| By 
                        Diann Bitker 
                         
                          |  |  |  |   
                          | Vines 
                              with snowladen mountains
 | Golan 
                              Heights Winery Entrance | Winery 
                              Vines in an arid region |   
                        During the Yom Kippur War in 
                        1973, the Golan Heights was the scene of fierce battles 
                        between Israeli and Syrian troops. Today it is the prospect 
                        of a peace agreement which threatens the residents' peace 
                        of mind. Israel captured the strategic plateau from Syria 
                        during the 1967 Mideastwar, and later annexed it. The 
                        present Israeli government has indicated that it is willing 
                        to give back the heights in exchange for a peace treaty, 
                        but Israeli-Syrian peace talks, renewed last year, have 
                        stalled again.
 Israelis love the Golan, a beautiful area dotted with 
                        gentle hills, the area's highest mountain, fruit groves, 
                        waterfalls and ravines. There are several dozen businesses 
                        operating on the Heights, built from scratch in a sparsely 
                        populated wilderness area: a major dairy farm, two cattle 
                        ranches and lots of apple orchards. There's a hot springs 
                        spa and alligator farm in the foothills. If the Golan 
                        were given up Israelis would also lose their only ski 
                        slopes and resort, and one of their few fine wineries.
 
 The Golan Heights has turned out to be the Bordeaux or 
                        the Napa valley of Israel. The Golan Heights Winery is 
                        perhaps the best known brand name associated with the 
                        Golan Heights, producing some four million bottles of 
                        prize-winning vintages yearly. The winery, which is jointly 
                        owned by eight local kibbutzes and towns, (moshavim) was 
                        founded in 1983. It harvests 4,000 tons of grapes a year 
                        and produces some 300,000 cases of premium red, white, 
                        and sparkling wines under the Yarden, Gamla,and Golan 
                        labels, which win awards every year from the most prestigious 
                        international wine competitions. It boasts up-to- date 
                        crushing, pressing, and pumping equipment; 200 stainless-steel 
                        tanks thermostatically controlled by computer; and French-oak 
                        maturation barrels.
 
 But even peace talks that have stalled or failed are an 
                        indication that some political movement is going on. This 
                        can make for a nerve-wracking life. The 18,000 residents 
                        on the Heights, generally speaking, teeter between normal 
                        life and abnormal anxiety about their future, and owners 
                        of businesses on the Golan Heights are contemplating their 
                        options.
 
 But the Golan Heights Winery insists on conducting business 
                        as if there were no threat on the horizon. General manager 
                        Shalom Blayer says the winery has no intention of abandoning 
                        a major investment drive, despite the fact that its vineyards 
                        are likely to be handed over in any peace settlement with 
                        Syria. And they are pressing ahead with plans to expand 
                        the annual harvest and production, and increase the number 
                        of staff.
 
 Blayer refuses to discuss what they would do should they 
                        actually have to face the unsettling prospect of having 
                        the company's home base on the Syrian side of the border 
                        in the not-so-distant future. Back in 1994, he explains, 
                        the situation was similar. Then there was constant talk 
                        of a deal, and a withdrawal from the Golan. People told 
                        him then that he had better start packing his bags, and 
                        hordes of journalists made pilgrimages north to ask him 
                        how he felt.
 
 "I cannot tell you that we don't think about what 
                        will be doing if Syria takes over this area. We are thinking 
                        about it," Blayer declares, "but we're not talking 
                        about it. Because now we are at a junction where we are 
                        fighting to stay here and to continue to produce here. 

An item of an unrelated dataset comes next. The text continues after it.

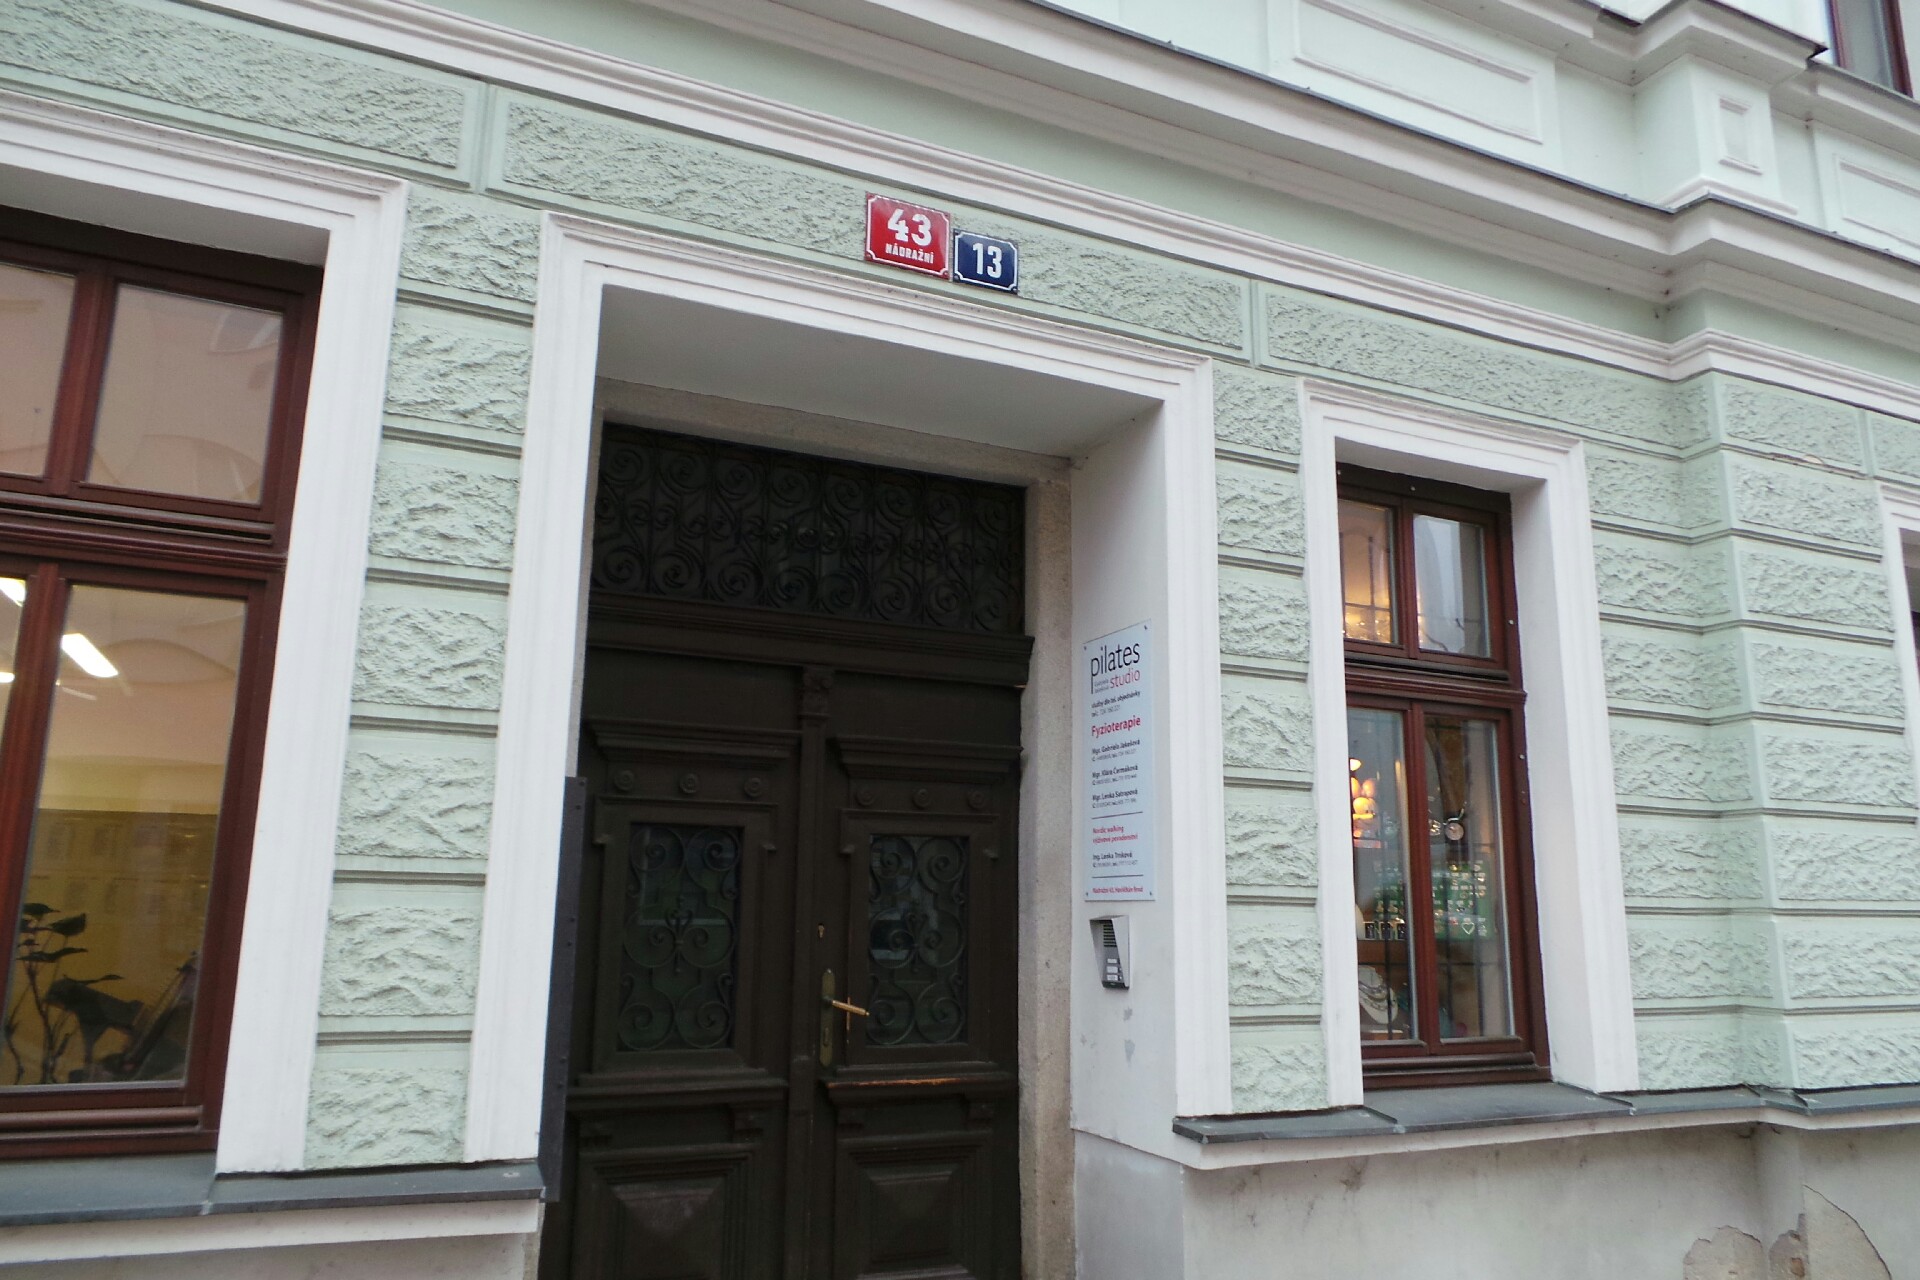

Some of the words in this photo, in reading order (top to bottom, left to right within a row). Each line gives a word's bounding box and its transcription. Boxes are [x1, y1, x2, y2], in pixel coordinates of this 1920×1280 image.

                        It will be a democratic fight, it will be a fair fight, 
                        but we will fight."
 
 Another major firm here, the Mai Eden Mineral Water Company, 
                        is already looking towards a future outside the Golan 
                        Heights by buying European businesses, and has sold part 
                        of its company to a firm in California as a defensive 
                        move. The company reportedly has prepared alternative 
                        plans to relocate the main production facility elsewhere 
                        in Israel, or even to continue operating out of Syria. 
                        Whether a company came to the Golan for business or ideology 
                        plays a large factor in how it responds to the on-again 
                        off-again Syrian-Israeli talks. Shalom Blayer says that 
                        unlike Israelis who came to the Heights to make money, 
                        the owners of the Golan winery first settled in the Golan, 
                        and only then started looking for business opportunities. 
                        "The people who own this winery are not businessmen 
                        from Tel Aviv who came to the Golan Heights to establish 
                        a business. We built a whole life here. We are emotionally 
                        connected. This is our only home now."